▶ _Problem to work on_
The whole of the data is to be duplicated precisely.

▶ _Data shown_
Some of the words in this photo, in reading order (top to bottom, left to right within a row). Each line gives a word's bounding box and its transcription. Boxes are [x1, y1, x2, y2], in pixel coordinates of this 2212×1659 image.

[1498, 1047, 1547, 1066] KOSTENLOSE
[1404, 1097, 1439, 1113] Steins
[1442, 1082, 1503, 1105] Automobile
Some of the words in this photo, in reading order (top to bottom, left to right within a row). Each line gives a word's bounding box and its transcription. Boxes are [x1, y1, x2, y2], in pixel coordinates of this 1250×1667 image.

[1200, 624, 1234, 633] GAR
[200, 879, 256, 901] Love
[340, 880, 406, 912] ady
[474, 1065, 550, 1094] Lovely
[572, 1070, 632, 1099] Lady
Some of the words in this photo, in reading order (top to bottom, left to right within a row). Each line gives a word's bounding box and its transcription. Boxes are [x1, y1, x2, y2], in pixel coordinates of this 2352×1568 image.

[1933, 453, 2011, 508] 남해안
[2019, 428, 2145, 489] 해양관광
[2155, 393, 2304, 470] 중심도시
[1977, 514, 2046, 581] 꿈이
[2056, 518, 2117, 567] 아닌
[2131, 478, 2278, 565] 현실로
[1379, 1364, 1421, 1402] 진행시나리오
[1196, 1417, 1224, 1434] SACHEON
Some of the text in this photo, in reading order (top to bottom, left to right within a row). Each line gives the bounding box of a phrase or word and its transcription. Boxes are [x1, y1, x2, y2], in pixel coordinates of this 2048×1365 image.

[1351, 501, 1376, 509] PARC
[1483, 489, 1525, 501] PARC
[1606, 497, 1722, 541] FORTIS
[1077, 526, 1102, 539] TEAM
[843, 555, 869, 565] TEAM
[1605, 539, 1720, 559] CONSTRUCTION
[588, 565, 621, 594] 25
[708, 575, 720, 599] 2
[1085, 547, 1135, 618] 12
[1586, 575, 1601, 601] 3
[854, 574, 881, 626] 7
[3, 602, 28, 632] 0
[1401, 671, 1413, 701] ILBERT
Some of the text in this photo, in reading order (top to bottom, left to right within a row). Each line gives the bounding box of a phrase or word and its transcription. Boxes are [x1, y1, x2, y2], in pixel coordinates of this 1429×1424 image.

▶ _Response box_
Some of the words in this photo, in reading order (top to bottom, left to right within a row). Each line gives a word's bounding box and its transcription. Boxes are [x1, y1, x2, y2], in pixel coordinates of this 2212×1659 image.

[1498, 1047, 1547, 1066] KOSTENLOSE
[1404, 1097, 1439, 1113] Steins
[1442, 1082, 1503, 1105] Automobile
Some of the words in this photo, in reading order (top to bottom, left to right within a row). Each line gives a word's bounding box and its transcription. Boxes are [x1, y1, x2, y2], in pixel coordinates of this 1250×1667 image.

[1200, 624, 1234, 633] GAR
[200, 879, 256, 901] Love
[340, 880, 406, 912] ady
[474, 1065, 550, 1094] Lovely
[572, 1070, 632, 1099] Lady
Some of the words in this photo, in reading order (top to bottom, left to right within a row). Each line gives a word's bounding box and its transcription. Boxes are [x1, y1, x2, y2], in pixel coordinates of this 2352×1568 image.

[1933, 453, 2011, 508] 남해안
[2019, 428, 2145, 489] 해양관광
[2155, 393, 2304, 470] 중심도시
[1977, 514, 2046, 581] 꿈이
[2056, 518, 2117, 567] 아닌
[2131, 478, 2278, 565] 현실로
[1379, 1364, 1421, 1402] 진행시나리오
[1196, 1417, 1224, 1434] SACHEON
Some of the text in this photo, in reading order (top to bottom, left to right within a row). Each line gives the bounding box of a phrase or word and its transcription. Boxes are [x1, y1, x2, y2], in pixel coordinates of this 2048×1365 image.

[1351, 501, 1376, 509] PARC
[1483, 489, 1525, 501] PARC
[1606, 497, 1722, 541] FORTIS
[1077, 526, 1102, 539] TEAM
[843, 555, 869, 565] TEAM
[1605, 539, 1720, 559] CONSTRUCTION
[588, 565, 621, 594] 25
[708, 575, 720, 599] 2
[1085, 547, 1135, 618] 12
[1586, 575, 1601, 601] 3
[854, 574, 881, 626] 7
[3, 602, 28, 632] 0
[1401, 671, 1413, 701] ILBERT
Some of the text in this photo, in reading order (top to bottom, left to right within a row). Each line gives the bounding box of a phrase or word and its transcription. Boxes are [x1, y1, x2, y2], in pixel coordinates of this 1429×1424 image.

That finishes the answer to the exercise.